Specifically, the file generation module 33 is to traverse the intermediate expression file and process it layer by layer. Since each unit of the intermediate expression file contains the information of each operator (layer), it will generate the corresponding hardware according to the operator information during traversal. The text file of the interface syntax, that is, the network template file. The network template file is a network template file of a software development kit.

In this embodiment, the file generation module 33 is further configured to use the abstraction layer to hide redundant operations (for example, operations such as initialization, memory allocation, etc.), while exposing optimization nodes.

The compiling module 34 is used for compiling the network template file into an executable reasoning application.

In this embodiment, the compiling module 34 compiles the network template file into an executable reasoning application through a G++ compiler.

It should be noted that it should be understood that the division of each module of the above system is only a division of logical functions, and may be fully or partially integrated into a physical entity in actual implementation, or may be physically separated. And these modules can all be implemented in the form of software calling through processing elements, or all can be implemented in hardware, and some modules can be implemented in the form of calling software through processing elements, and some modules can be implemented in hardware. For example, the x module may be a separately established processing element, or may be integrated in a certain chip of the above-mentioned system to be implemented. In addition, the x module can also be stored in the memory of the above-mentioned system in the form of program code, and is called by a certain processing element of the above-mentioned system to execute the function of the above x-module. The implementation of other modules is similar. All or part of these modules can be integrated together or implemented independently. The processing element described here may be an integrated circuit with signal processing capability. In the implementation process, each step of the above-mentioned method or each of the above-mentioned modules can be completed by an integrated logic circuit of hardware in the processor element or an instruction in the form of software. The above modules may be one or more integrated circuits configured to implement the above methods, such as: one or more specific integrated circuits (Application Specific Integrated Circuit, ASIC for short), one or more microprocessors (Digital Singnal Processor, DSP for short), one or more Field Programmable Gate Arrays (FPGA for short), etc. When one of the above modules is implemented in the form of a processing element scheduler code, the processing element may be a general-purpose processor, such as a central processing unit (Central Processing Unit, CPU for short) or other processors that can call program codes. These modules can be integrated together and implemented in the form of a System-on-a-chip (SOC for short).

Embodiment 3

This embodiment provides a compiling device, including: a processor, a memory, a transceiver, a communication interface or/and a system bus; the memory and the communication interface are connected to the processor and the transceiver through the system bus and complete mutual communication, and the memory is used for The computer program is stored, the communication interface is used to communicate with other devices, and the processor and the transceiver are used to run the computer program, so that the compiling device executes each step of the above neural network compiling method.

The system bus mentioned above may be a Peripheral Component Interconnect (PCI for short) bus or an Extended Industry Standard Architecture (EISA for short) bus or the like. The system bus can be divided into address bus, data bus, control bus and so on. For ease of presentation, only one thick line is used in the figure, but it does not mean that there is only one bus or one type of bus. The communication interface is used to realize the communication between the database access device and other devices (such as client, read-write library and read-only library). The memory may include random access memory (Random Access Memory, RAM for short), and may also include non-volatile memory (non-volatile memory), such as at least one disk storage.

The above-mentioned processor may be a general-purpose processor, including a central processing unit (Central Processing Unit, referred to as CPU), a network processor (Network Processor, referred to as NP), etc.; may also be a digital signal processor (Digital Signal Processing, referred to as DSP) , Application Specific Integrated Circuit (ASIC), Field Programmable Gate Array (FPGA) or other programmable logic devices, discrete gate or transistor logic devices, discrete hardware components.

The protection scope of the neural network compiling method of the present invention is not limited to the execution order of the steps listed in this embodiment, and any solutions implemented by adding or subtracting steps and replacing steps in the prior art based on the principles of the present invention are included in the within the protection scope of the present invention.

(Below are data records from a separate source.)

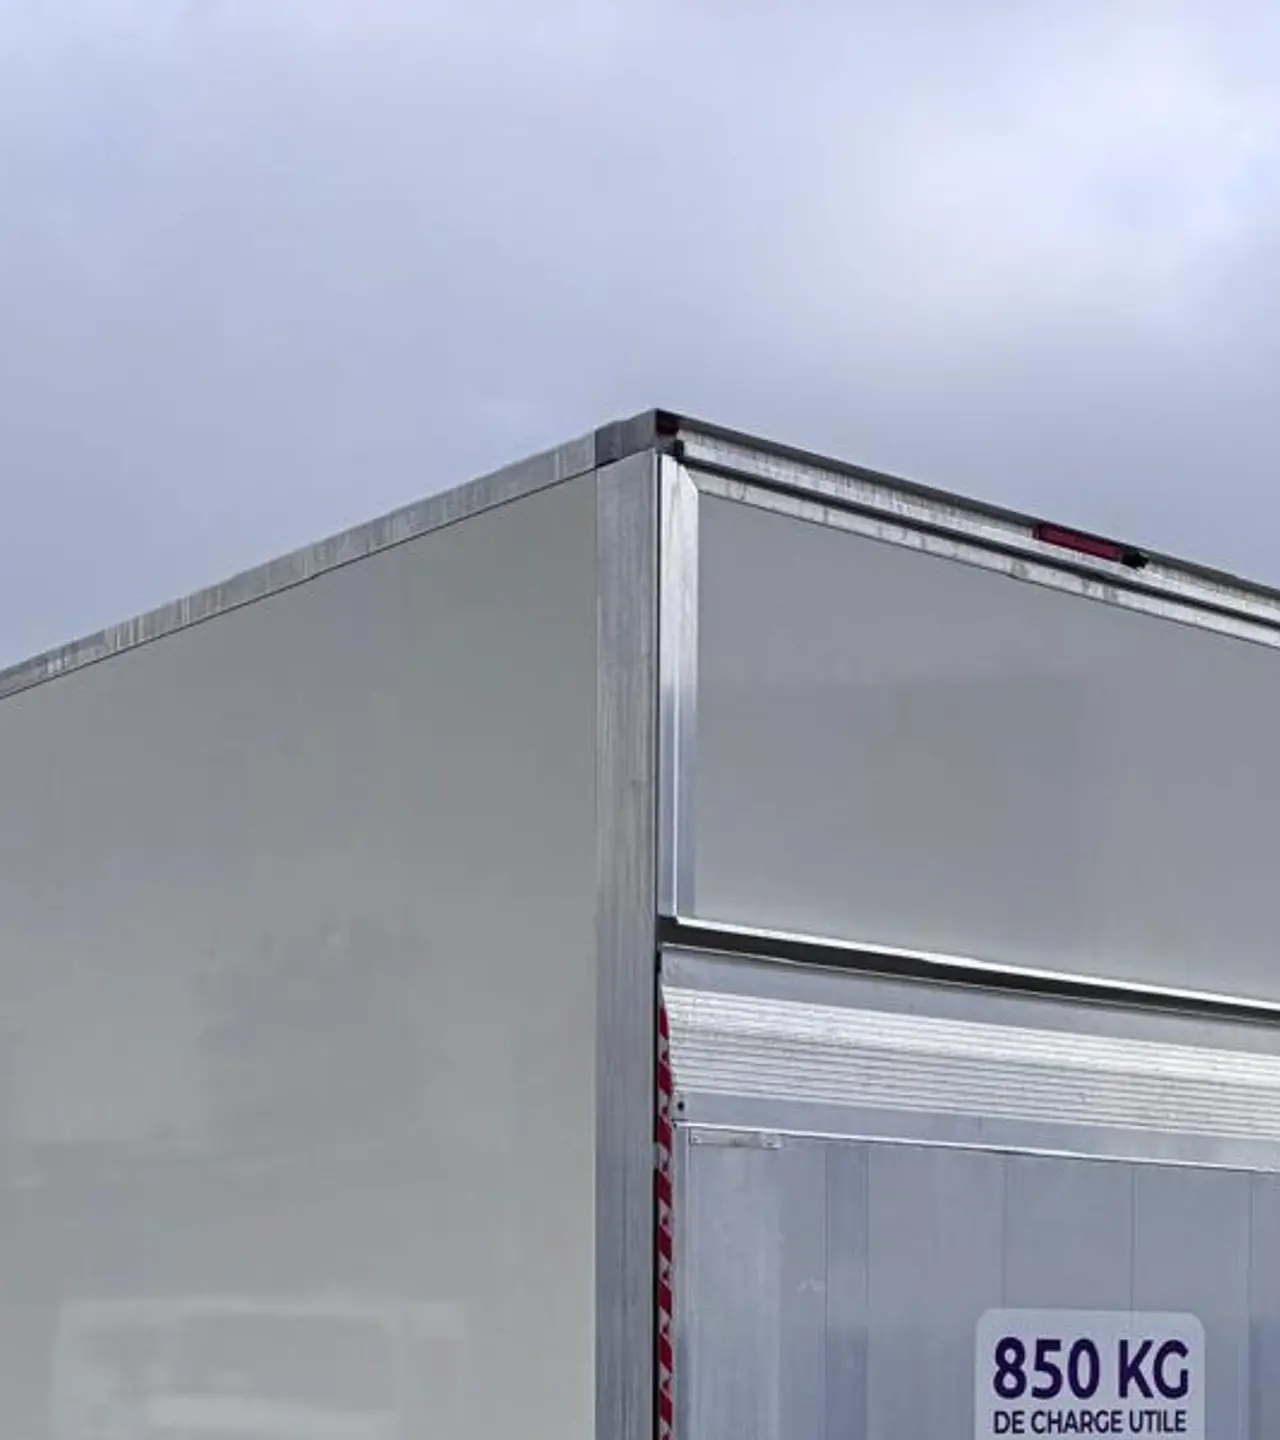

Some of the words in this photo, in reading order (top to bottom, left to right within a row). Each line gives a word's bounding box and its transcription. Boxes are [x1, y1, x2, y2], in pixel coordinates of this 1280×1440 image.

[993, 1336, 1101, 1399] 850
[1118, 1338, 1189, 1399] KG
[993, 1411, 1025, 1434] DE
[1031, 1409, 1124, 1434] CHARGE
[1129, 1409, 1188, 1433] UTILE

The present invention also provides a neural network compiling system, the neural network compiling system can implement the neural network compiling method of the present invention, but the implementation device of the neural network compiling method of the present invention includes but is not limited to The structure of the neural network compiling system enumerated in this embodiment, all structural modifications and replacements of the prior art made according to the principles of the present invention are included in the protection scope of the present invention.

To sum up, the neural network compiling method, system, computer storage medium and compiling device of the present invention aim to design and implement a compiling toolchain framework, intermediate representation, and corresponding compiling tool chain framework that can automatically adjust parameters and generate codes according to software and hardware information. Optimize the algorithm so that when it is calculated on the target chip, it can obtain a higher calculation rate and a smaller calculation delay in a shorter optimization time without changing the network output result. And it is convenient for users to debug and adjust parameters by themselves. The invention effectively overcomes various shortcomings in the prior art and has high industrial utilization value.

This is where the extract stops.